The guard at the desk was stacking Buck's papers. He looked past Buck to the young guard. “Everything all right with the vehicle, Anis?”
Buck had to think quickly. Which would look more suspicious? Not turning to look at the young man, or turning to look at him? He turned to look. Still standing before the closed door, arms over his chest, the rigid young man nodded once. “All is in order. Blankets and supplies. ”
Buck had been holding his breath. The man at the desk slid his papers across. “Safe journey,” he said.
Buck nearly wept as he exhaled. “Thank you,” he said.
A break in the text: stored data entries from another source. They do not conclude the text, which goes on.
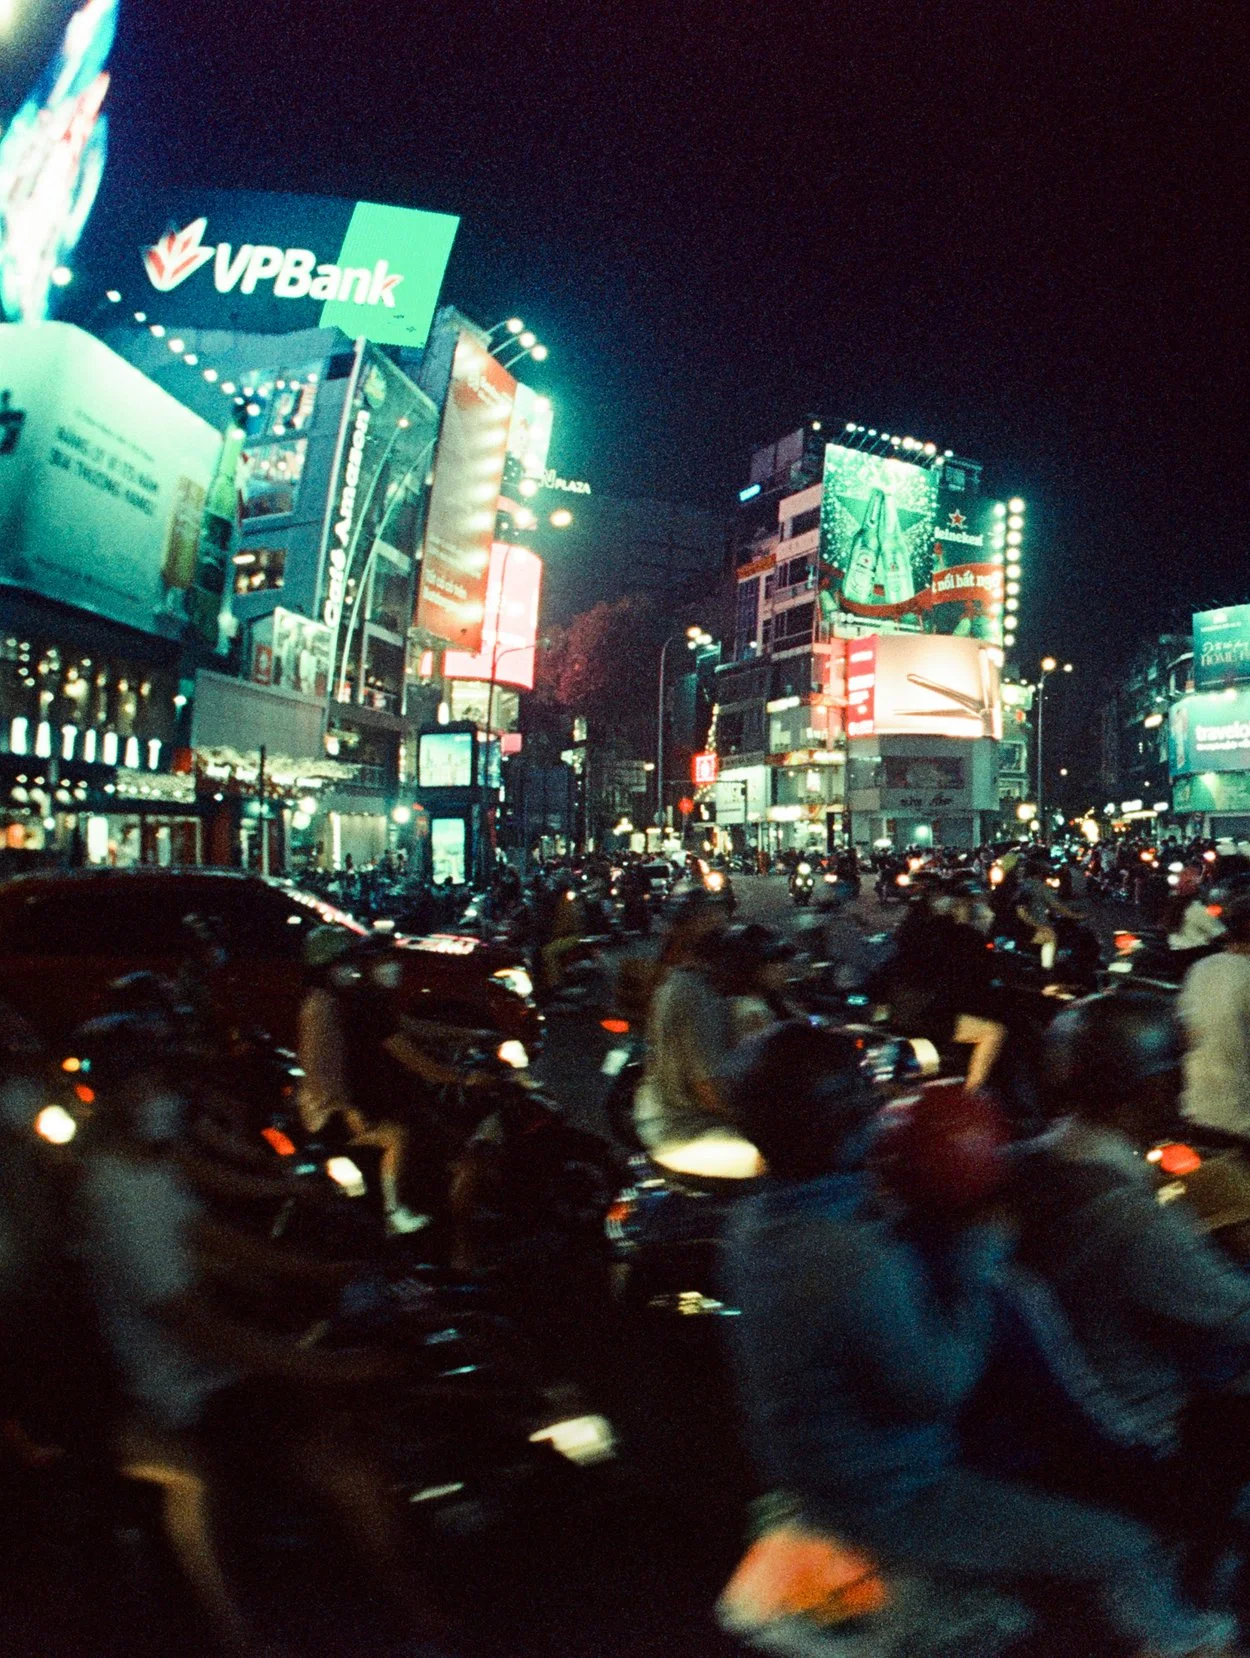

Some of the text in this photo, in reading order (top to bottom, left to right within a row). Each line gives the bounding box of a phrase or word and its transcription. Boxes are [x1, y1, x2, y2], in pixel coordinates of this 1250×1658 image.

[213, 240, 404, 308] VPBank
[334, 409, 370, 547] Amazon
[554, 478, 592, 495] PLAZA
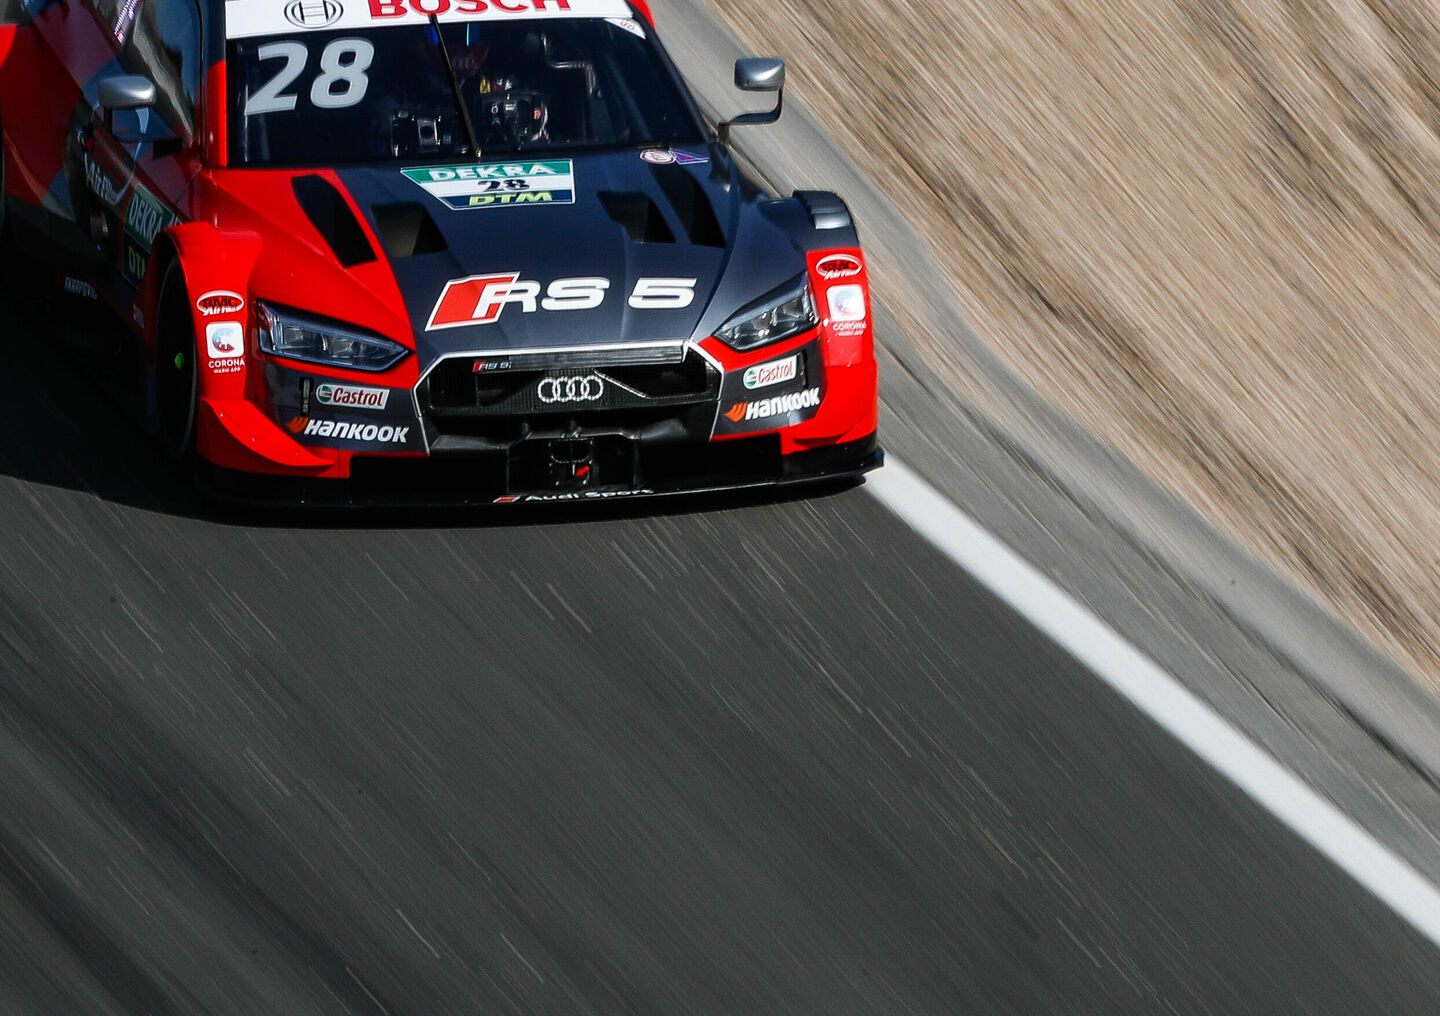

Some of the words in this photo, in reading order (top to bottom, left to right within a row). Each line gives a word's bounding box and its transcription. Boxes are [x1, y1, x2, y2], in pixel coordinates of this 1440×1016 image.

[244, 37, 375, 116] 28
[428, 163, 557, 181] DEKRA
[477, 179, 530, 192] 28
[468, 191, 553, 206] DTM
[471, 276, 610, 319] RS
[628, 277, 697, 309] 5
[208, 358, 246, 368] CORONA
[758, 360, 793, 384] Castrol
[333, 388, 384, 406] Castrol
He turned toward the door, but the older guard was not finished. “Thank you for visiting Israel,” he added. Buck wanted to scream. He turned around and nodded. “Yeah, uh, yes. You're welcome.”
He had to will himself to walk. Anis did not move as Buck approached the door. He came face-to-face with the young man and stopped. He sensed the older guard Watching.
“Excuse me,” Buck said.
“My name is Anis,” the man said.
“Yes, Anis. Thank you. Excuse me, please.” Finally Anis stepped aside and Buck shakily left. His hands trembled as he folded his papers and stuffed them into his pocket. He boarded the rickety old bus and fired it up. If Tsion had found somewhere to hide, how would Buck find him now? He executed the fragile dance between clutch and accelerator and got the rig moving. Finally up to speed, he shifted into third, and the engine smoothed out a bit. He called out, “If you're still on board, my friend, stay right where you are until the lights of that border crossing disappear. Then I want to know everything.”